Stem cells have the remarkable ability to undergo proliferative symmetric divisions and self‐renewing asymmetric divisions. Balancing of the two modes of division sustains tissue morphogenesis and ...homeostasis. Asymmetric divisions of Drosophila neuroblasts (NBs) and sensory organ precursor (SOP) cells served as prototypes to learn what we consider now principles of asymmetric mitoses. They also provide initial evidence supporting the notion that aberrant symmetric divisions of stem cells could correlate with malignancy. However, transferring the molecular knowledge of circuits underlying asymmetry from flies to mammals has proven more challenging than expected.
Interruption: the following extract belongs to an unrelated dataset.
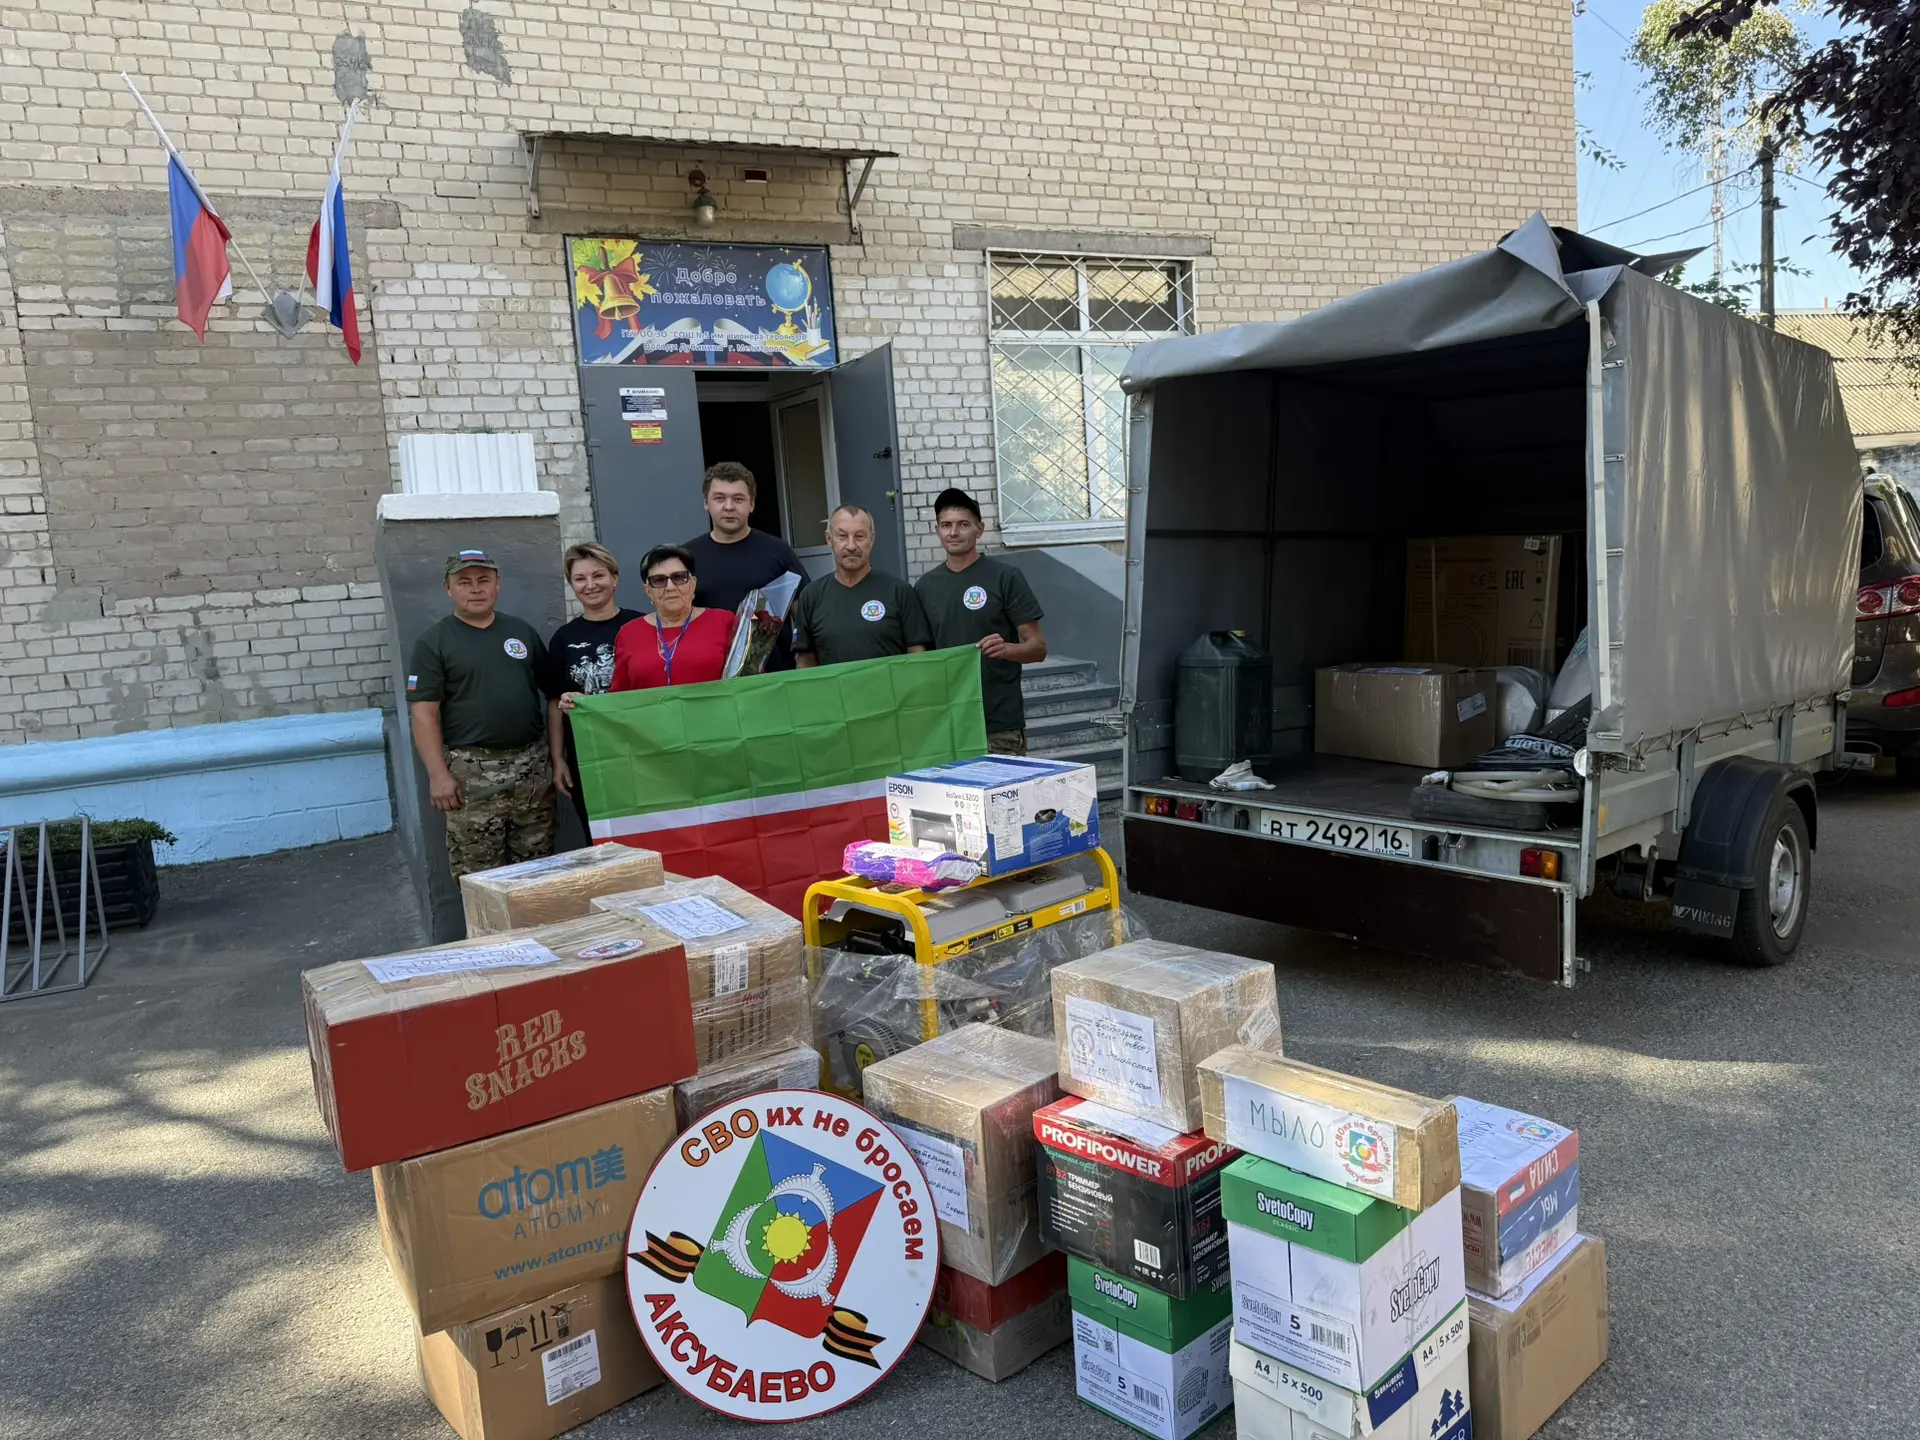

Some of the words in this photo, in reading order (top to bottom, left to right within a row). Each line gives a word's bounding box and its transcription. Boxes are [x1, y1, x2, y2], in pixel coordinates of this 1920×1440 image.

Several experimental approaches have been used to define asymmetry in mammalian systems, based on daughter cell fate, unequal partitioning of determinants and niche contacts, or proliferative potential. In this review, we aim to provide a critical evaluation of the assays used to establish the stem cell mode of division, with a particular focus on the mammary gland system. In this context, we will discuss the genetic alterations that impinge on the modality of stem cell division and their role in breast cancer development.
During development and regeneration, stem cells balance symmetric and asymmetric cell divisions (ACDs) in response to intrinsic cues and extracellular signals. This review focuses on the molecular mechanisms of ACDs in mammary stem cells, and their role in breast cancer development.